There was, for an instant, silence.
Until Quinn came bouncing through the door. “Nope, I just can’t get a—”
He stopped short, his gaze darting from Trevarr to the red-faced woman and the mess and the melted candles, his face scrunched in horror at the ghost stench. “What the hell? Are you kidding me?”
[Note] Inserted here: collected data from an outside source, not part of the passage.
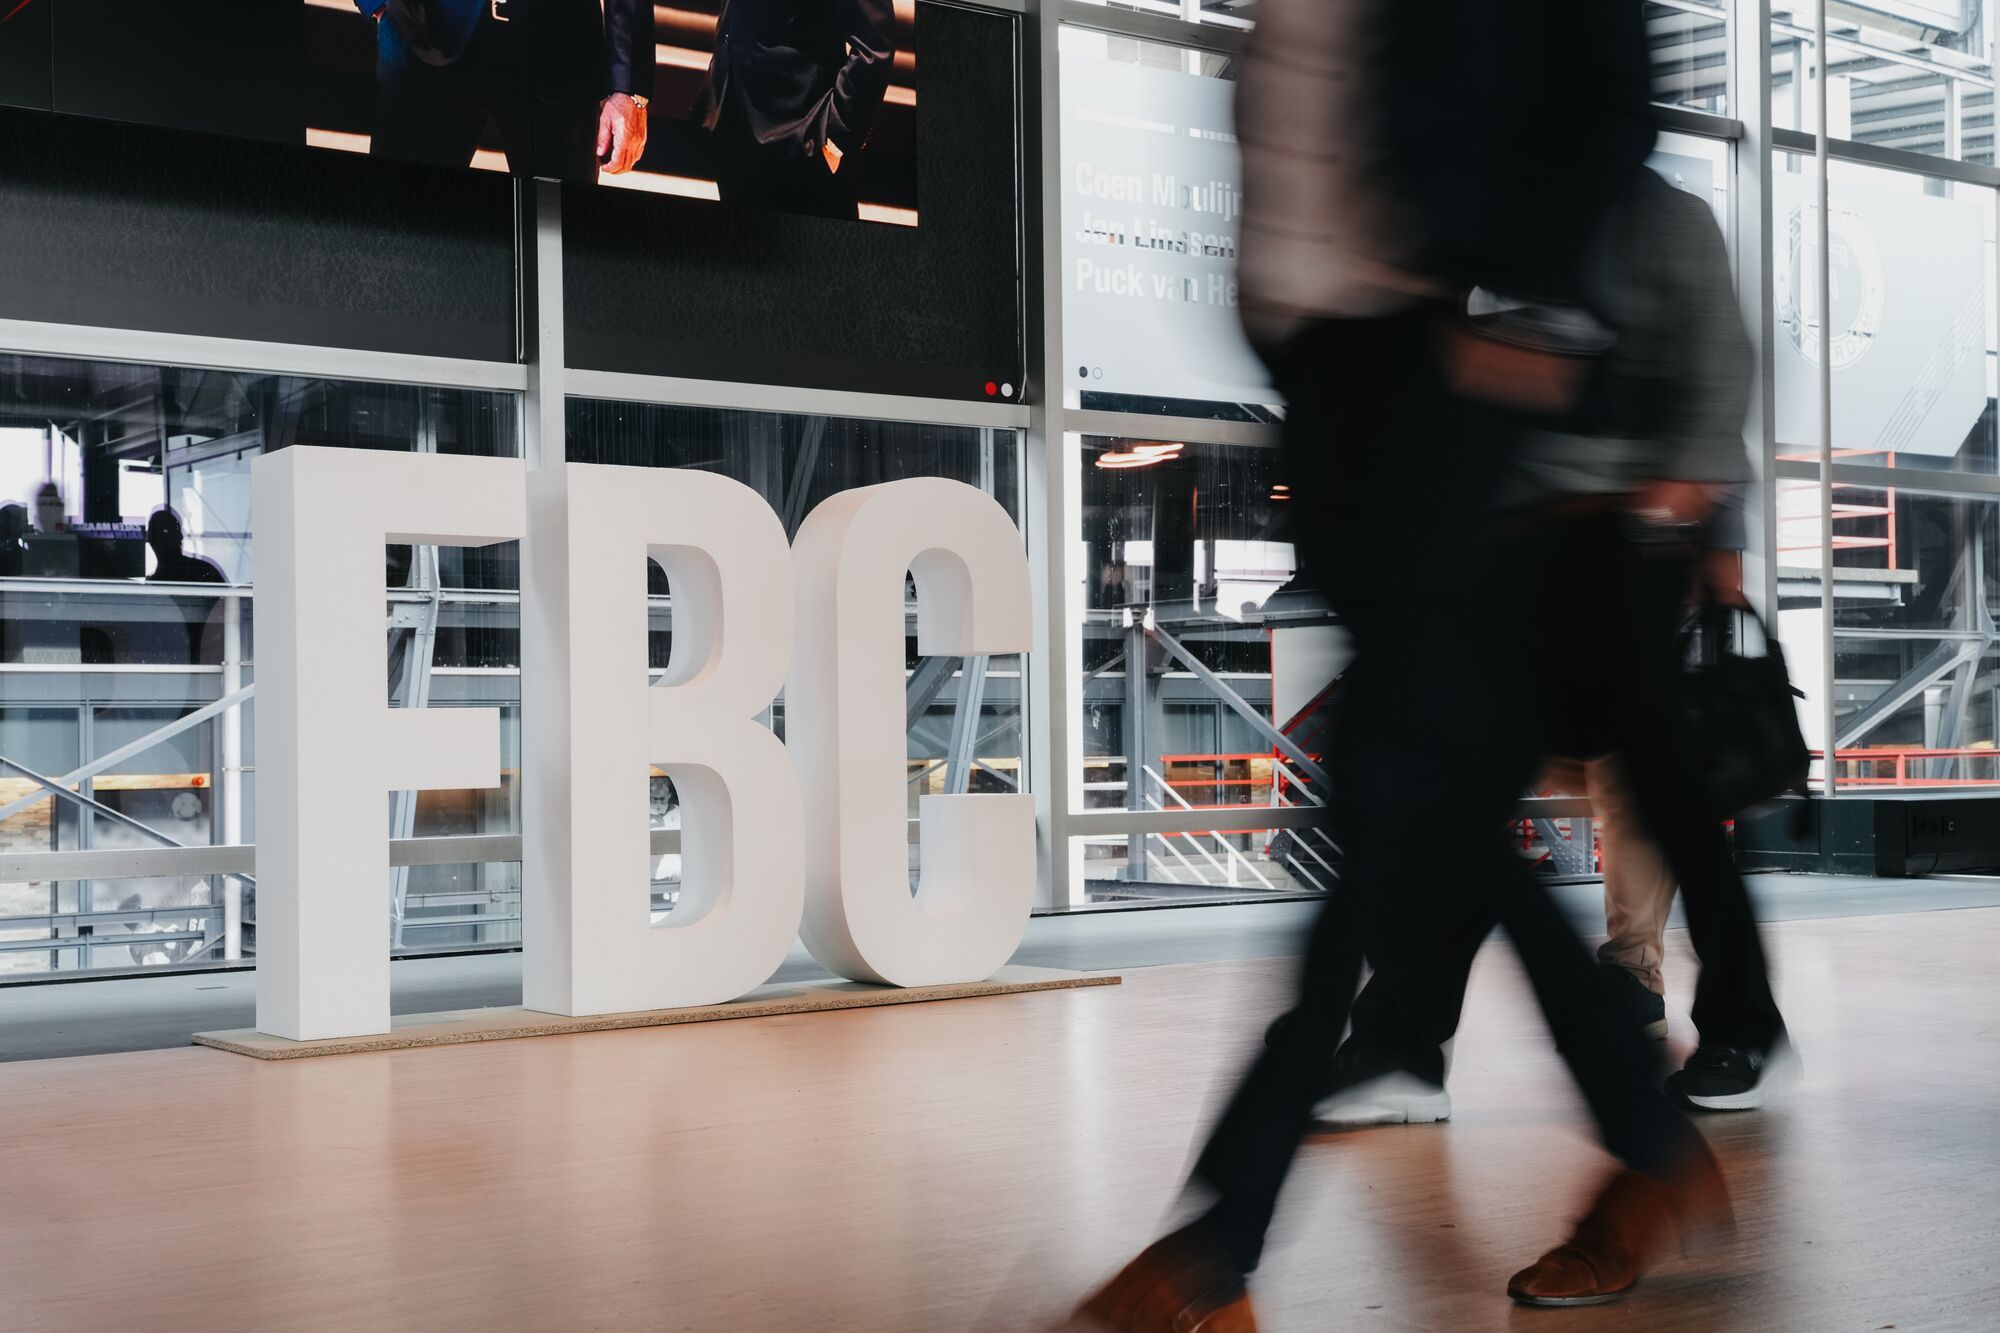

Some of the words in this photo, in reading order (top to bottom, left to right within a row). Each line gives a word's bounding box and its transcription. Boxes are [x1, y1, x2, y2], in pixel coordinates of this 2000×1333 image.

[1075, 161, 1143, 203] Coen
[1075, 210, 1125, 246] Jan
[1134, 216, 1235, 259] Linssen
[1075, 257, 1145, 298] Puck
[1152, 273, 1199, 302] van
[252, 445, 1037, 1042] FBC
“Hey,” Garrie said, surly on Trevarr’s account. “She started it.”
Well. And Ghost Bob. Because truly, Ghost Bob’s timing... totally sucked.
“Are you kidding me?” Quinn said again, even more incredulous if anything. And then he saw Trevarr’s unshuttered eyes, and his jaw did that weird little thing where it jutted just a little bit sideways, and Garrie knew uh-oh, Quinn had really reached his limit. She did the only absurd thing she could, which was to swiftly cover Trevarr’s eyes with her hands, la la la you don’t see that....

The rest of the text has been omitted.